Written and directed by M. Night Shyamalan; director of photography, Christopher Doyle; edited by Barbara Tulliver; music by James Newton Howard; production designer, Martin Childs; produced by Mr. Shyamalan and Sam Mercer; released by Warner Brothers Pictures.

108 minutes. Rated PG-13 (Parents strongly cautioned). Violence (relatively bloodless) and some solid scares.

STARRING: Paul Giamatti (Cleveland Heep), Bryce Dallas Howard (Story), Bob Balaban (Harry Farber), Jeffrey Wright (Mr. Dury), Sarita Choudhury (Anna), Freddy Rodriguez (Reggie), Bill Irwin (Mr. Leeds), Jared Harris (Goatee Smoker) and David Ogden Stiers (narrator).

 

Let’s put aside for a while the hype and hysteria regarding M. Night Shyamalan’s ego… the way he likes to talk about Bob Dylan and Michael Jordan as if he’s their big screen equivalent. Let’s turn away from the rants of those bloodthirsty critics who would like nothing better than to tear apart the film because of their dislike for the filmmaker and his reputation-crafting media hijinks.

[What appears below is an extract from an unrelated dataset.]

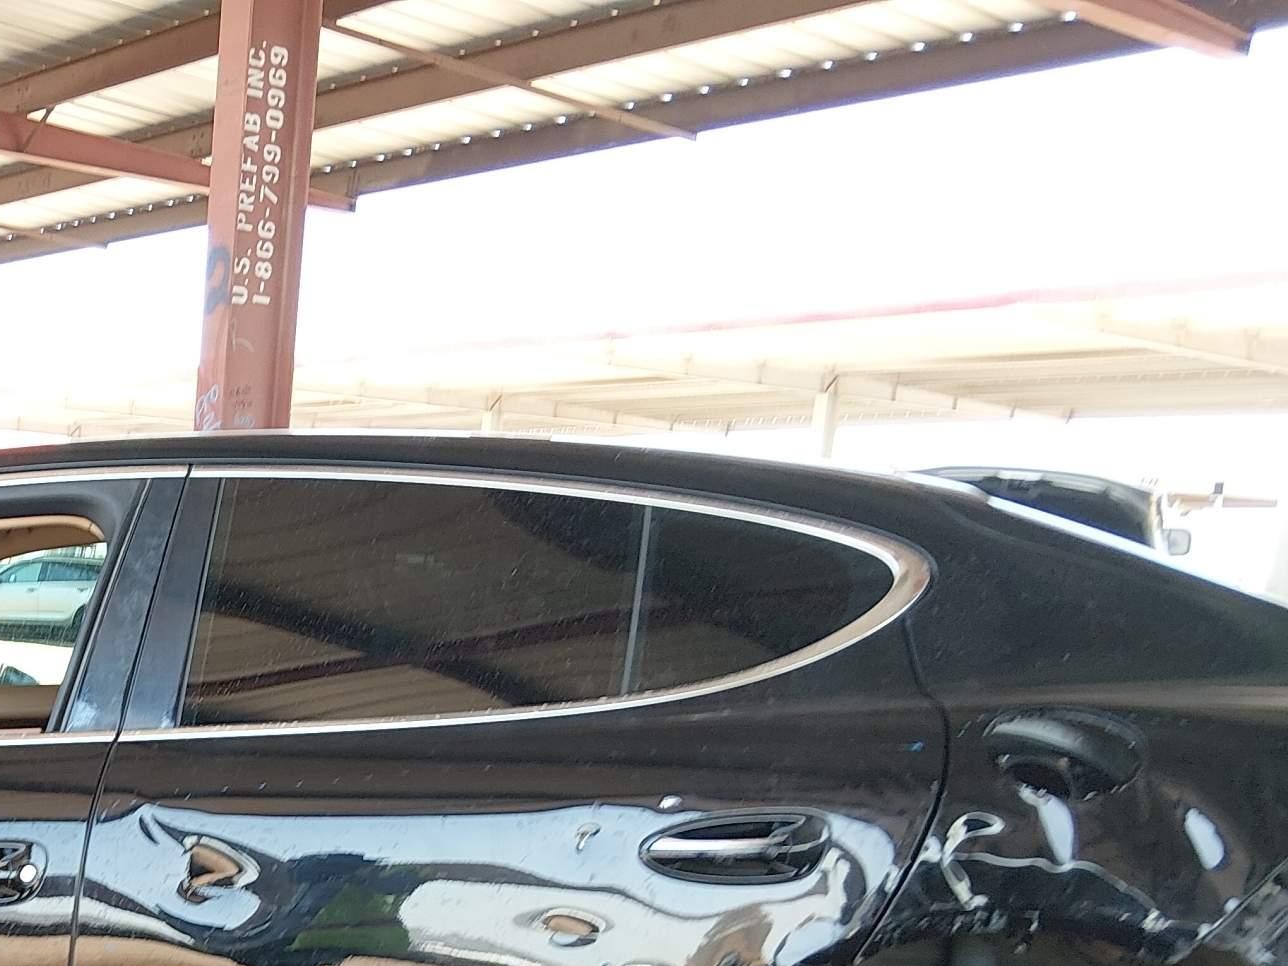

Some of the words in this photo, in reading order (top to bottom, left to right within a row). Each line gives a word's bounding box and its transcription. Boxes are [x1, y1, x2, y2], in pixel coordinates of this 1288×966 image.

The question for critics and general audiences alike should be — Is Lady in the Water a good movie?

And the answer is: Almost.

There are some nice ideas at work in this film that show off the director’s strengths. There is exactly one impressive performance. And one image in particular will stay with me forever. There are problems as well. But I’m not going to respond by presuming that Shyamalan is running out of ideas, or that his career is finished. Many artists go through dry spells, or stumble into bad imitations of their own work. And while this is, for me, the least of his big American movies, it isn’t even close to an occasion for derision. After all, substandard Shyamalan is still superior to the most engaging films of many familiar directors.

 

THE PLOT

Lady in the Water began, apparently, from bedtime stories Shyamalan told his children, but it feels more like the kind of creepy tale you’d tell at a campfire, guaranteeing that the listeners would stay up ready to jump at the first unusual noise.

It begins with the emergence of an otherworldly woman named Story (Bryce Dallas Howard). Story is a peculiar kind of sea nymph called a “narf,” who has come from her home in “the Blue World. She arrived in a swimming pool at an apartment complex called The Cove, which is managed by a troubled, middle-aged widower named Cleveland Heep (Paul Giamatti). Dripping all over his couch, she announces that she has been sent to perform an important role in human history. But her quest is endangered by snarling wolf-monsters called “scrunts” that rise up from the grass to lurk around the property.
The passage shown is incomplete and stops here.